### LISTED ENTRIES ###
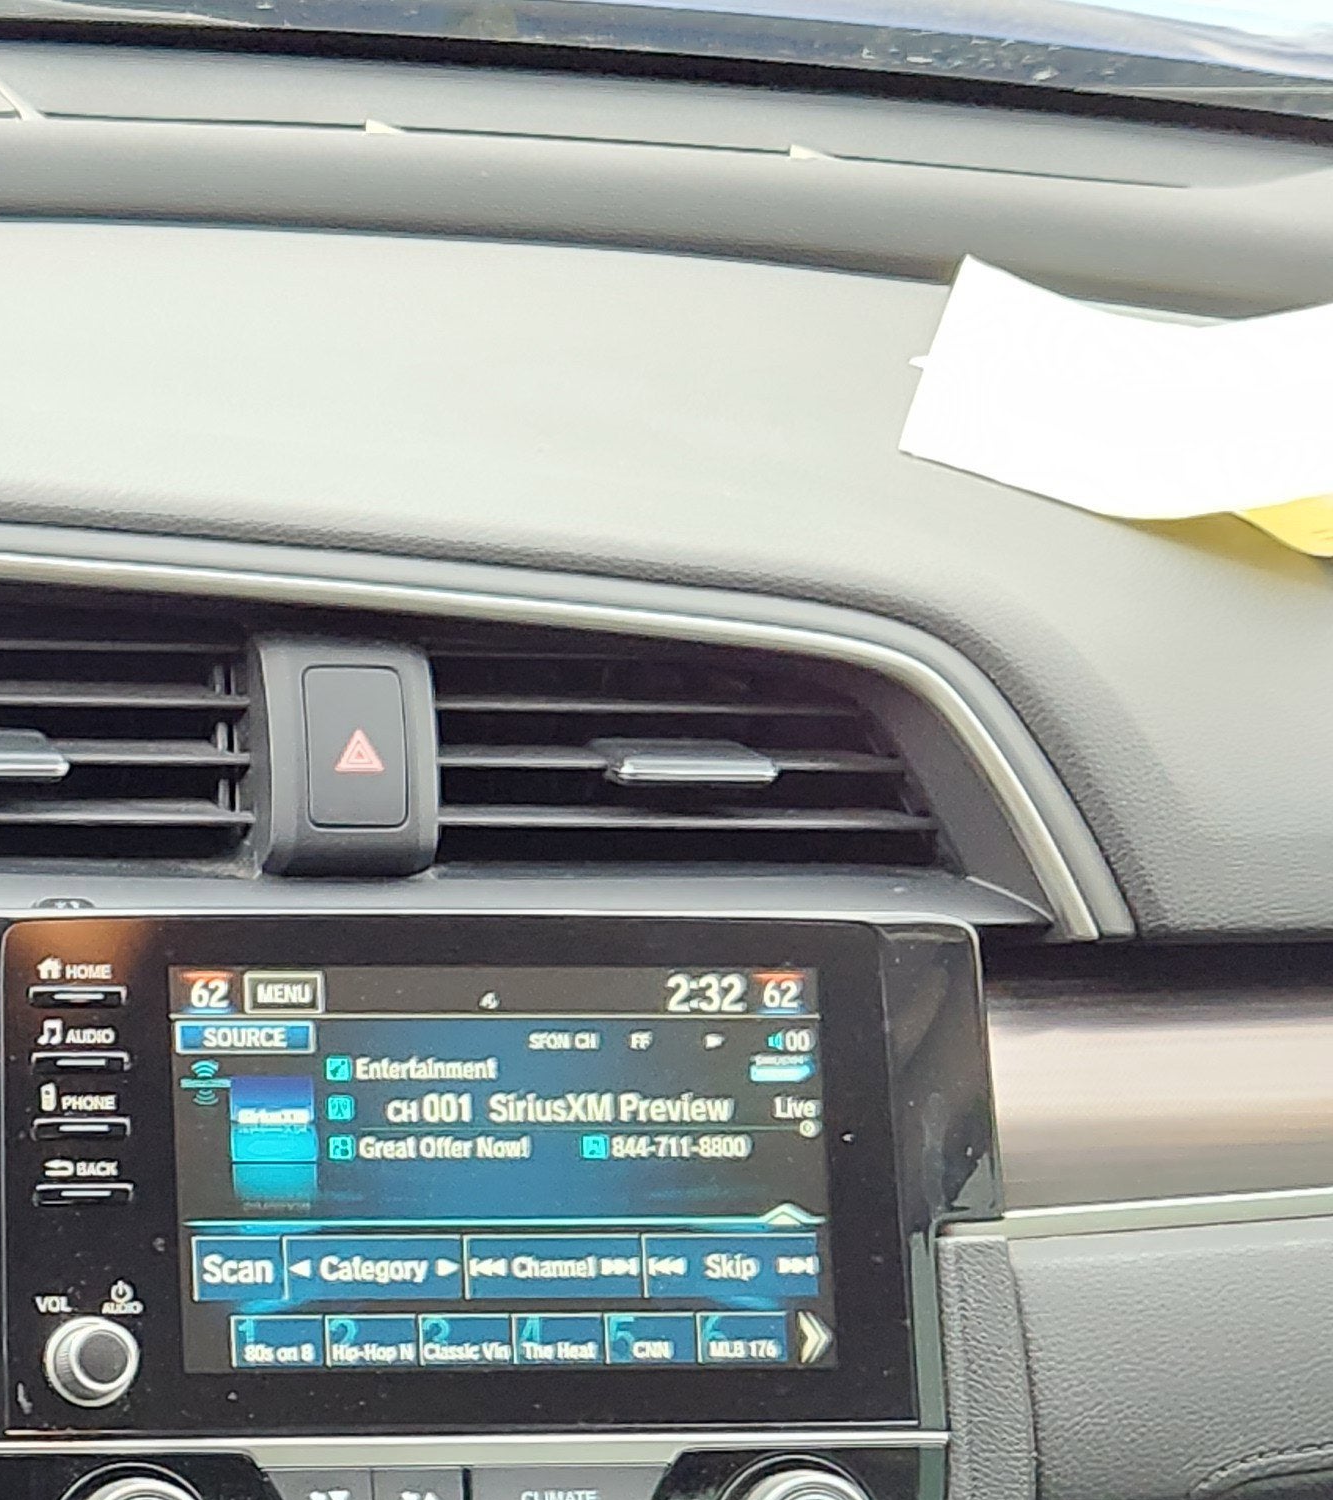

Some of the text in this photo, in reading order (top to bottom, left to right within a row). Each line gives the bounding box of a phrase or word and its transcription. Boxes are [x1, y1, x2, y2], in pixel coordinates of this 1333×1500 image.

[64, 963, 113, 980] HOME
[190, 980, 231, 1009] 62
[256, 983, 312, 1004] MENU
[665, 973, 747, 1013] 2:32
[762, 980, 803, 1009] 62
[64, 1027, 116, 1046] AUDIO
[202, 1026, 288, 1048] SOURCE
[354, 1057, 498, 1081] Entertainment
[61, 1095, 117, 1111] PHONE
[386, 1091, 734, 1124] CH 001 SiriusXM Preview
[773, 1095, 820, 1120] Live
[358, 1135, 532, 1160] Great Offer Now!
[610, 1135, 753, 1160] 844-711-8800
[75, 1160, 118, 1177] BACK
[202, 1254, 274, 1284] Scan
[319, 1254, 429, 1284] Category
[511, 1254, 597, 1279] Channel
[704, 1254, 759, 1283] Skip
[35, 1295, 72, 1314] VOL
[101, 1301, 145, 1315] AUDIO
[243, 1343, 275, 1363] 80s
[276, 1346, 299, 1362] on
[332, 1342, 416, 1364] Hip-Hop N
[423, 1340, 511, 1362] Classic Vin
[521, 1340, 598, 1361] The Heat
[632, 1340, 675, 1361] CNN
[709, 1340, 746, 1360] MLB
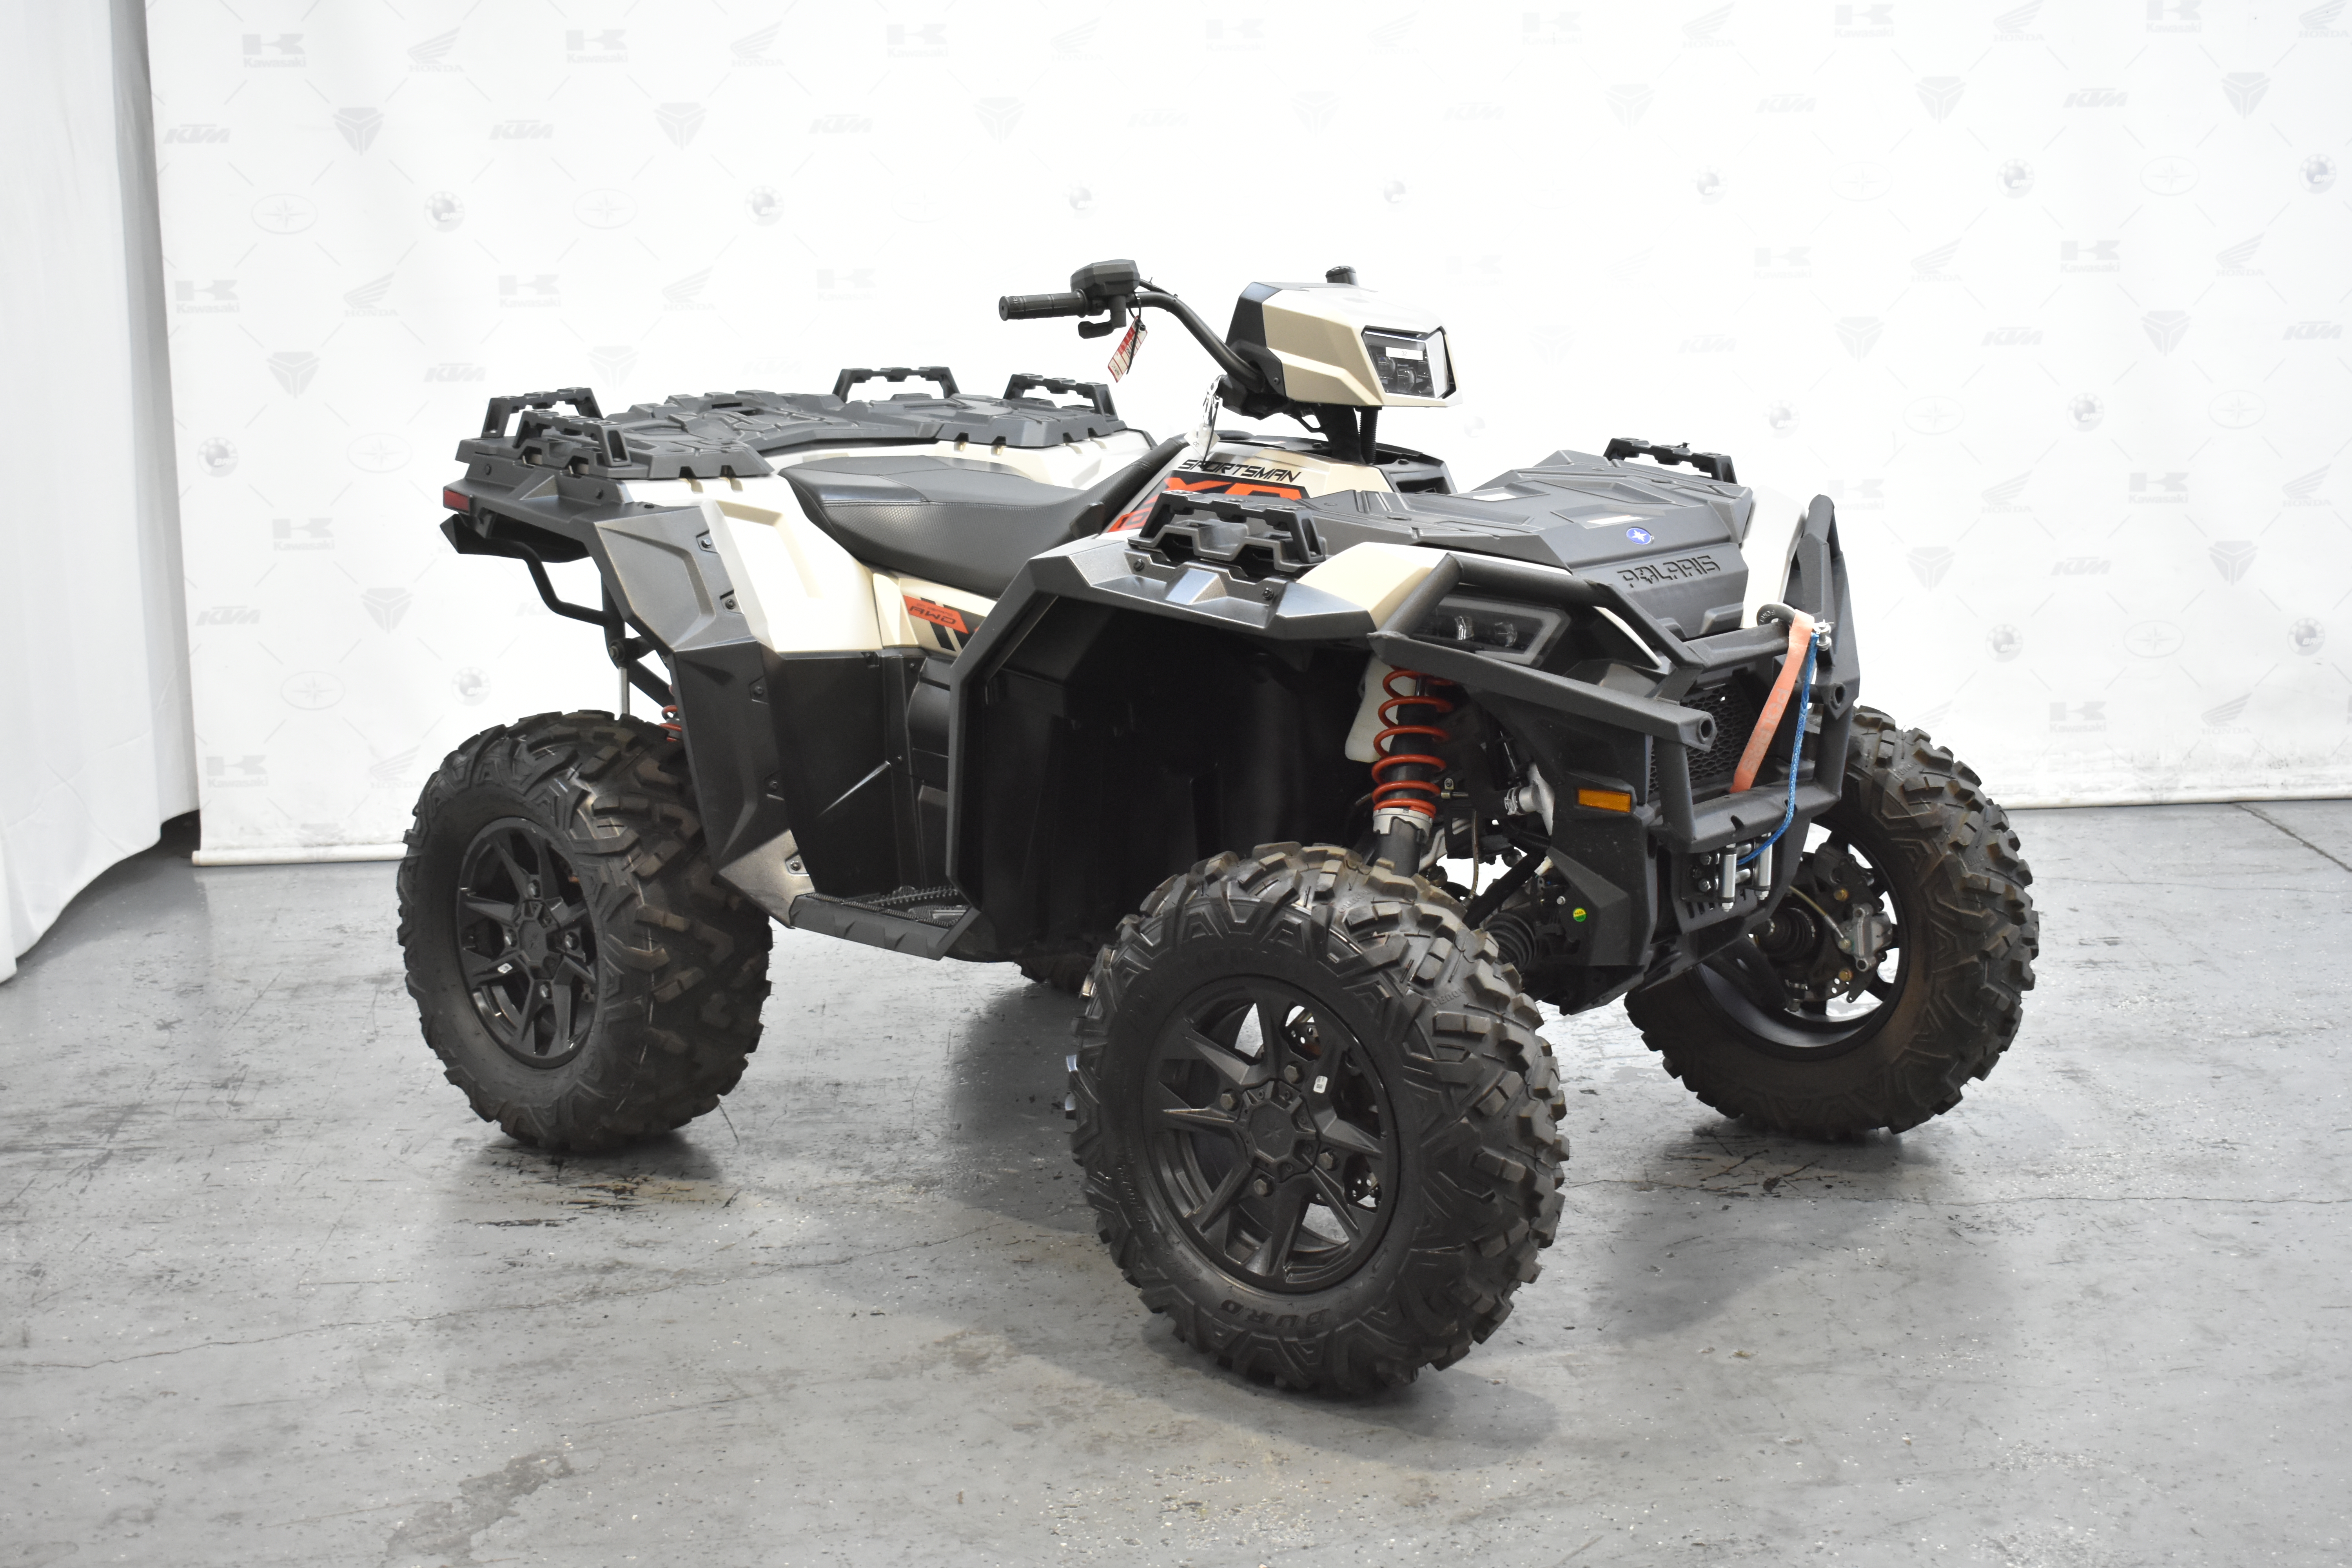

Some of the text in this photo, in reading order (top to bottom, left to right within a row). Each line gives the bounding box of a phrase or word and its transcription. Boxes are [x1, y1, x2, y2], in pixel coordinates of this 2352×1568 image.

[1835, 27, 1895, 38] Kawasaki
[2146, 22, 2202, 33] Kawasaki
[1993, 33, 2045, 42] HONDA
[2298, 30, 2350, 38] HONDA
[1522, 35, 1583, 45] Kawasaki
[887, 46, 949, 58] Kawasaki
[1206, 42, 1266, 52] Kawasaki
[243, 58, 307, 69] Kawasaki
[566, 53, 628, 64] Kawasaki
[731, 59, 785, 67] HONDA
[408, 64, 465, 73] HONDA
[1756, 94, 1817, 113] KTM
[2063, 88, 2128, 108] KTM
[1443, 102, 1505, 121] KTM
[808, 114, 873, 135] KTM
[1127, 109, 1189, 129] KTM
[163, 123, 231, 144] KTM
[489, 120, 554, 140] KTM
[1705, 185, 1726, 194] BRP
[2060, 262, 2120, 273] Kawasaki
[2216, 269, 2265, 277] HONDA
[1754, 269, 1812, 280] Kawasaki
[1910, 274, 1963, 283] HONDA
[1445, 277, 1503, 287] Kawasaki
[817, 291, 877, 302] Kawasaki
[176, 304, 240, 314] Kawasaki
[499, 298, 561, 309] Kawasaki
[663, 303, 716, 311] HONDA
[2283, 321, 2343, 341] KTM
[1981, 327, 2043, 347] KTM
[1678, 334, 1737, 352] KTM
[741, 357, 802, 376] KTM
[424, 363, 486, 383] KTM
[2081, 413, 2104, 421] BRP
[1777, 419, 1799, 428] BRP
[214, 458, 237, 466] BRP
[1178, 459, 1302, 483] SPORTSMAN
[2129, 494, 2189, 505] Kawasaki
[2282, 499, 2332, 507] HONDA
[1836, 500, 1885, 511] awasaki
[1981, 505, 2033, 514] HONDA
[274, 539, 335, 550] Kawasaki
[1617, 555, 1721, 588] POLARIS
[2051, 556, 2112, 576] KTM
[196, 606, 261, 626] KTM
[909, 606, 956, 625] AWD
[2000, 644, 2023, 652] BRP
[2302, 638, 2325, 647] BRP
[2049, 722, 2107, 734] Kawasaki
[2200, 727, 2251, 735] HONDA
[207, 775, 269, 788] Kawasaki
[370, 780, 423, 789] HONDA
[1219, 1299, 1329, 1329] DURO
###
AIM OF THE TASK
Your job is to copy each entry exactly as written; the pictures do not go in.

ANSWER FOR THE TASK
Some of the text in this photo, in reading order (top to bottom, left to right within a row). Each line gives the bounding box of a phrase or word and its transcription. Boxes are [x1, y1, x2, y2], in pixel coordinates of this 1333×1500 image.

[64, 963, 113, 980] HOME
[190, 980, 231, 1009] 62
[256, 983, 312, 1004] MENU
[665, 973, 747, 1013] 2:32
[762, 980, 803, 1009] 62
[64, 1027, 116, 1046] AUDIO
[202, 1026, 288, 1048] SOURCE
[354, 1057, 498, 1081] Entertainment
[61, 1095, 117, 1111] PHONE
[386, 1091, 734, 1124] CH 001 SiriusXM Preview
[773, 1095, 820, 1120] Live
[358, 1135, 532, 1160] Great Offer Now!
[610, 1135, 753, 1160] 844-711-8800
[75, 1160, 118, 1177] BACK
[202, 1254, 274, 1284] Scan
[319, 1254, 429, 1284] Category
[511, 1254, 597, 1279] Channel
[704, 1254, 759, 1283] Skip
[35, 1295, 72, 1314] VOL
[101, 1301, 145, 1315] AUDIO
[243, 1343, 275, 1363] 80s
[276, 1346, 299, 1362] on
[332, 1342, 416, 1364] Hip-Hop N
[423, 1340, 511, 1362] Classic Vin
[521, 1340, 598, 1361] The Heat
[632, 1340, 675, 1361] CNN
[709, 1340, 746, 1360] MLB

Some of the text in this photo, in reading order (top to bottom, left to right within a row). Each line gives the bounding box of a phrase or word and its transcription. Boxes are [x1, y1, x2, y2], in pixel coordinates of this 2352×1568 image.

[1835, 27, 1895, 38] Kawasaki
[2146, 22, 2202, 33] Kawasaki
[1993, 33, 2045, 42] HONDA
[2298, 30, 2350, 38] HONDA
[1522, 35, 1583, 45] Kawasaki
[887, 46, 949, 58] Kawasaki
[1206, 42, 1266, 52] Kawasaki
[243, 58, 307, 69] Kawasaki
[566, 53, 628, 64] Kawasaki
[731, 59, 785, 67] HONDA
[408, 64, 465, 73] HONDA
[1756, 94, 1817, 113] KTM
[2063, 88, 2128, 108] KTM
[1443, 102, 1505, 121] KTM
[808, 114, 873, 135] KTM
[1127, 109, 1189, 129] KTM
[163, 123, 231, 144] KTM
[489, 120, 554, 140] KTM
[1705, 185, 1726, 194] BRP
[2060, 262, 2120, 273] Kawasaki
[2216, 269, 2265, 277] HONDA
[1754, 269, 1812, 280] Kawasaki
[1910, 274, 1963, 283] HONDA
[1445, 277, 1503, 287] Kawasaki
[817, 291, 877, 302] Kawasaki
[176, 304, 240, 314] Kawasaki
[499, 298, 561, 309] Kawasaki
[663, 303, 716, 311] HONDA
[2283, 321, 2343, 341] KTM
[1981, 327, 2043, 347] KTM
[1678, 334, 1737, 352] KTM
[741, 357, 802, 376] KTM
[424, 363, 486, 383] KTM
[2081, 413, 2104, 421] BRP
[1777, 419, 1799, 428] BRP
[214, 458, 237, 466] BRP
[1178, 459, 1302, 483] SPORTSMAN
[2129, 494, 2189, 505] Kawasaki
[2282, 499, 2332, 507] HONDA
[1836, 500, 1885, 511] awasaki
[1981, 505, 2033, 514] HONDA
[274, 539, 335, 550] Kawasaki
[1617, 555, 1721, 588] POLARIS
[2051, 556, 2112, 576] KTM
[196, 606, 261, 626] KTM
[909, 606, 956, 625] AWD
[2000, 644, 2023, 652] BRP
[2302, 638, 2325, 647] BRP
[2049, 722, 2107, 734] Kawasaki
[2200, 727, 2251, 735] HONDA
[207, 775, 269, 788] Kawasaki
[370, 780, 423, 789] HONDA
[1219, 1299, 1329, 1329] DURO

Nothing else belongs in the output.